Exercise
Could you copy the records below exactly, leaving out any pictures they include?

Spatial localization data:
══════════

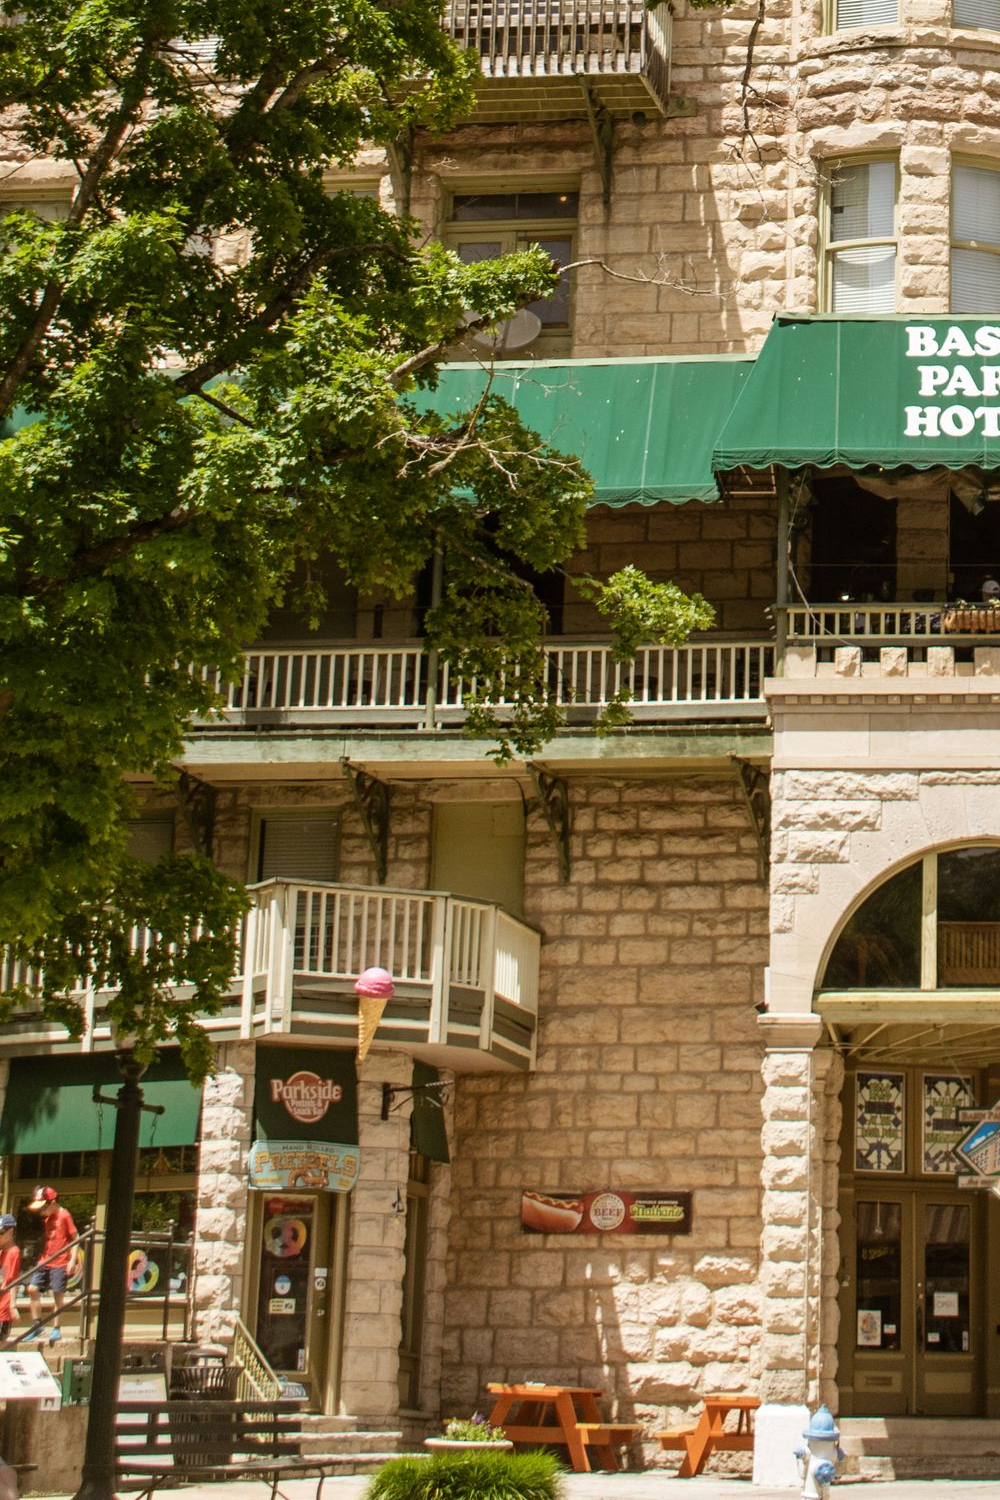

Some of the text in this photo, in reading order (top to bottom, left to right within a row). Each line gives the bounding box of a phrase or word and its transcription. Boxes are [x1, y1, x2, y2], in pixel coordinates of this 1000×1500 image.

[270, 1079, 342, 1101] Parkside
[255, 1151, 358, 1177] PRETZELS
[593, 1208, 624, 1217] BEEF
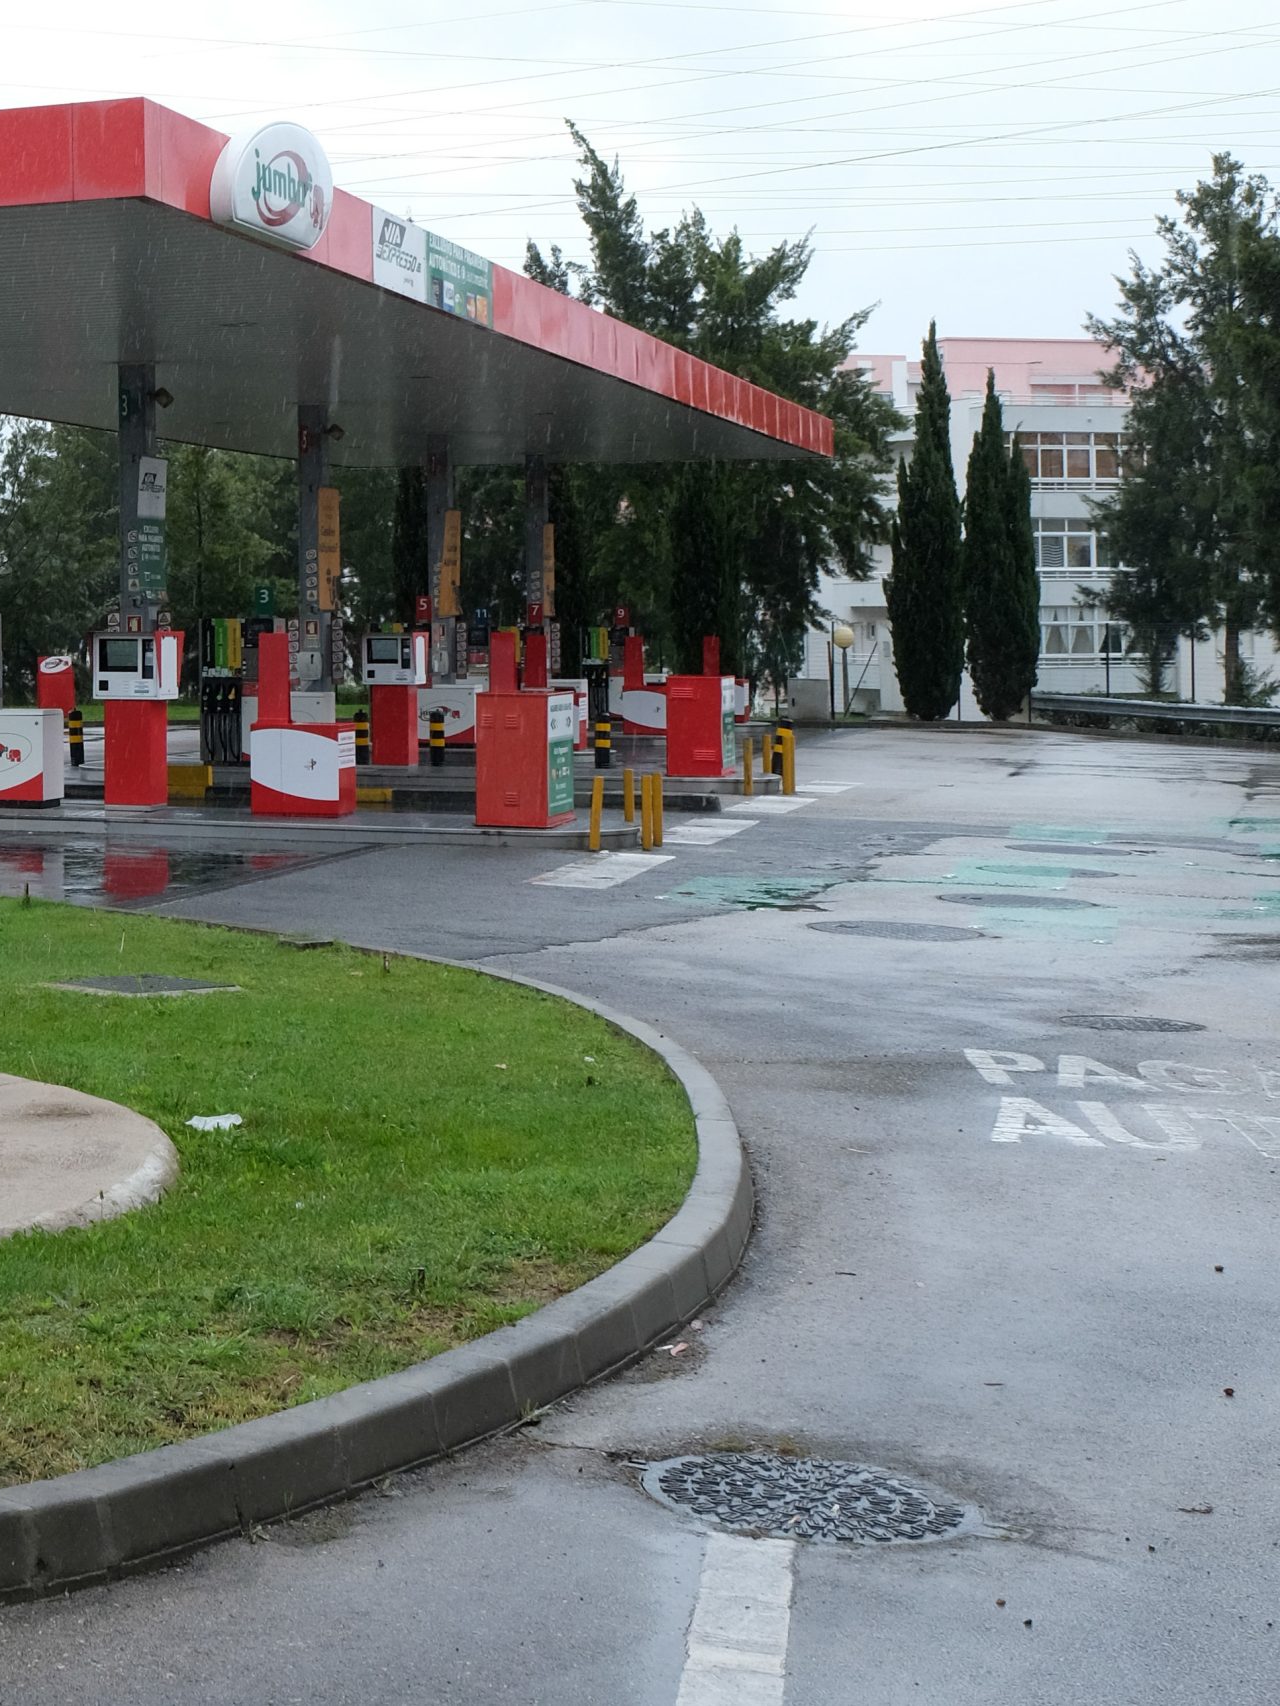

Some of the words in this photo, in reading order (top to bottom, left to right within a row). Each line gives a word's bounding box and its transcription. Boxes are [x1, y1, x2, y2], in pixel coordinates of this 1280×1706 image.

══════════

Response to this task
Some of the text in this photo, in reading order (top to bottom, left to right within a row). Each line gives the bounding box of a phrase or word and its transcription. Boxes are [x1, y1, x2, y2], in pixel coordinates of this 1000×1500 image.

[270, 1079, 342, 1101] Parkside
[255, 1151, 358, 1177] PRETZELS
[593, 1208, 624, 1217] BEEF

Some of the words in this photo, in reading order (top to bottom, left to right within a row). Each line gives a word's bounding box and its transcription. Boxes are [x1, y1, x2, y2], in pixel coordinates of this 1280×1706 image.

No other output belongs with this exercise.